▶ _What this task involves_
The whole listing below, with no pictures, is to be repeated as it stands.
┌──
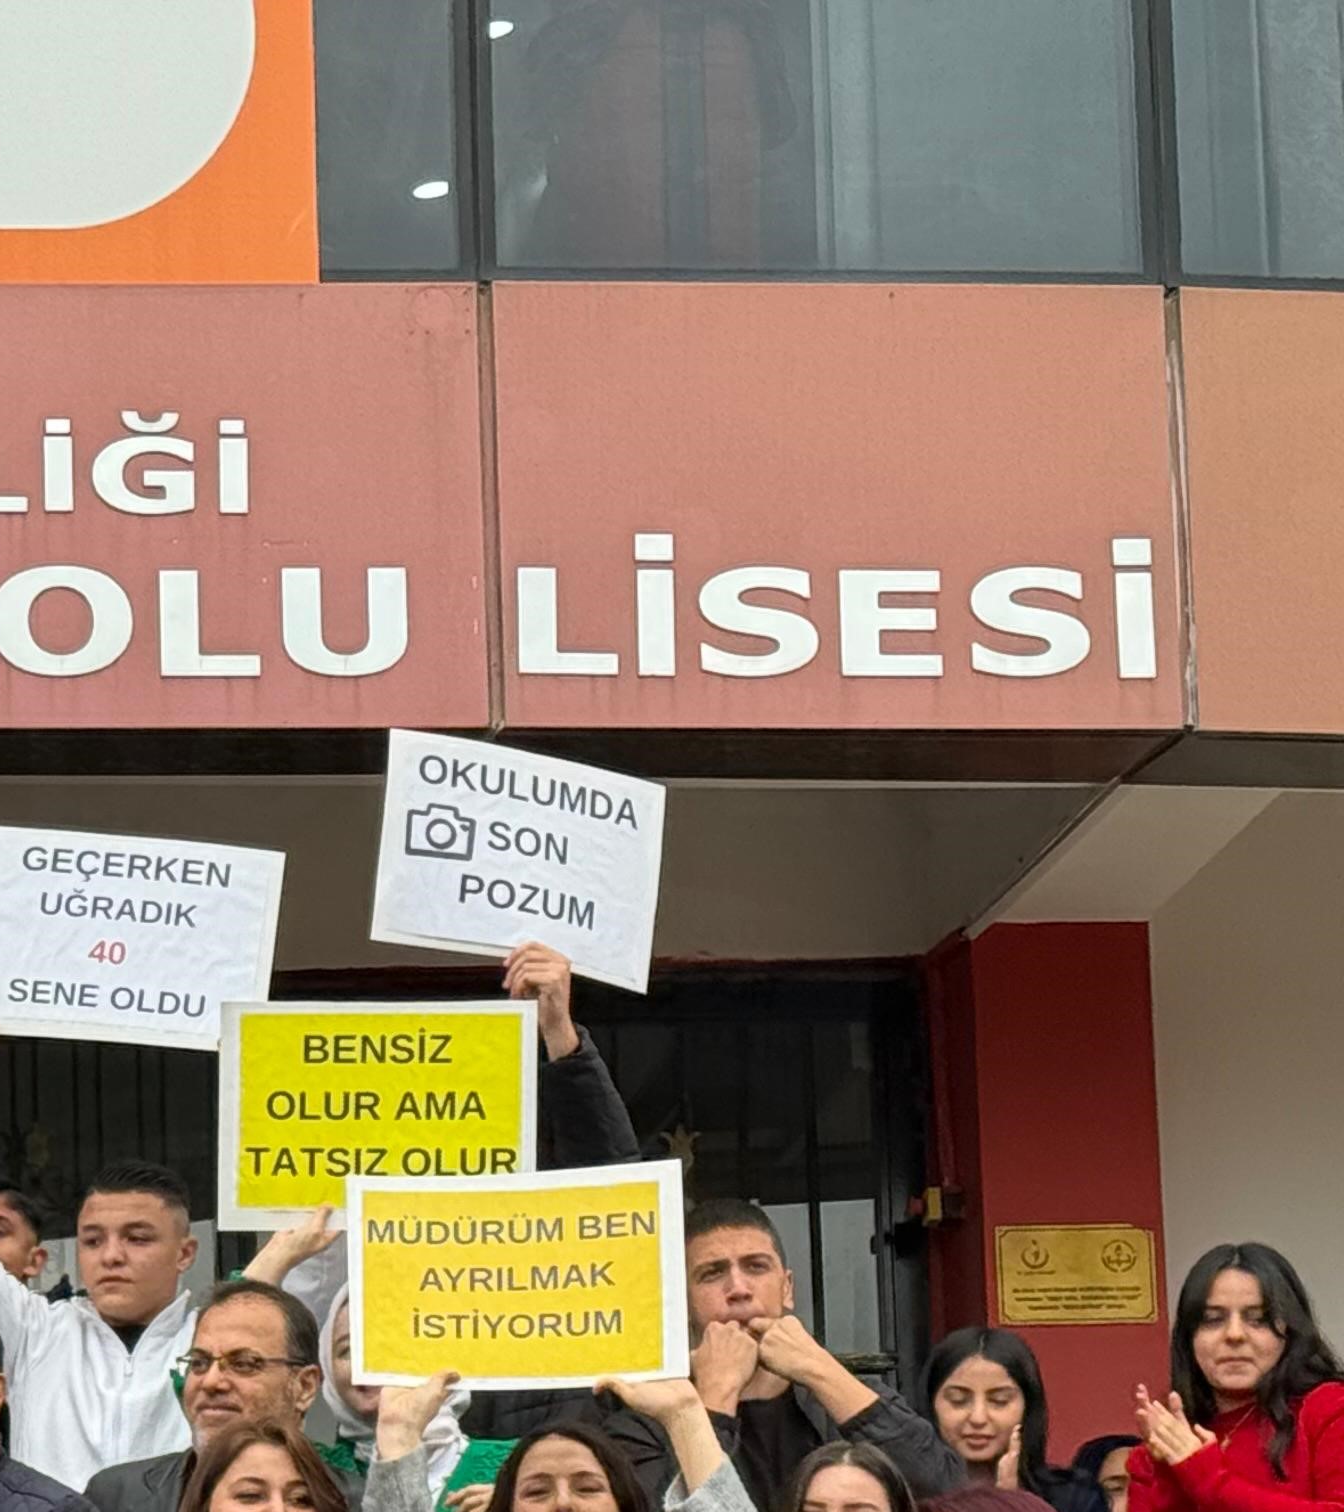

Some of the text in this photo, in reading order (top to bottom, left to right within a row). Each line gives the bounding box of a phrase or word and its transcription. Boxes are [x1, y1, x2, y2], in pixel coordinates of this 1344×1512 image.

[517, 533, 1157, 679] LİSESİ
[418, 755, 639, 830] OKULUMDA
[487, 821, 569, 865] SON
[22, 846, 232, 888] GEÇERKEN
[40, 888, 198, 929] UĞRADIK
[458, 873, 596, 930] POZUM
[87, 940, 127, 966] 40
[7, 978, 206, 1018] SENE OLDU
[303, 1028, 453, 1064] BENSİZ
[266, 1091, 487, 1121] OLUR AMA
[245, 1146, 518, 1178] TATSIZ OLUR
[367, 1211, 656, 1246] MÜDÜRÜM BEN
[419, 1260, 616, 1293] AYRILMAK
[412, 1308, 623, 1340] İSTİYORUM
└──
▶ _Worked solution_
Some of the text in this photo, in reading order (top to bottom, left to right within a row). Each line gives the bounding box of a phrase or word and its transcription. Boxes are [x1, y1, x2, y2], in pixel coordinates of this 1344×1512 image.

[517, 533, 1157, 679] LİSESİ
[418, 755, 639, 830] OKULUMDA
[487, 821, 569, 865] SON
[22, 846, 232, 888] GEÇERKEN
[40, 888, 198, 929] UĞRADIK
[458, 873, 596, 930] POZUM
[87, 940, 127, 966] 40
[7, 978, 206, 1018] SENE OLDU
[303, 1028, 453, 1064] BENSİZ
[266, 1091, 487, 1121] OLUR AMA
[245, 1146, 518, 1178] TATSIZ OLUR
[367, 1211, 656, 1246] MÜDÜRÜM BEN
[419, 1260, 616, 1293] AYRILMAK
[412, 1308, 623, 1340] İSTİYORUM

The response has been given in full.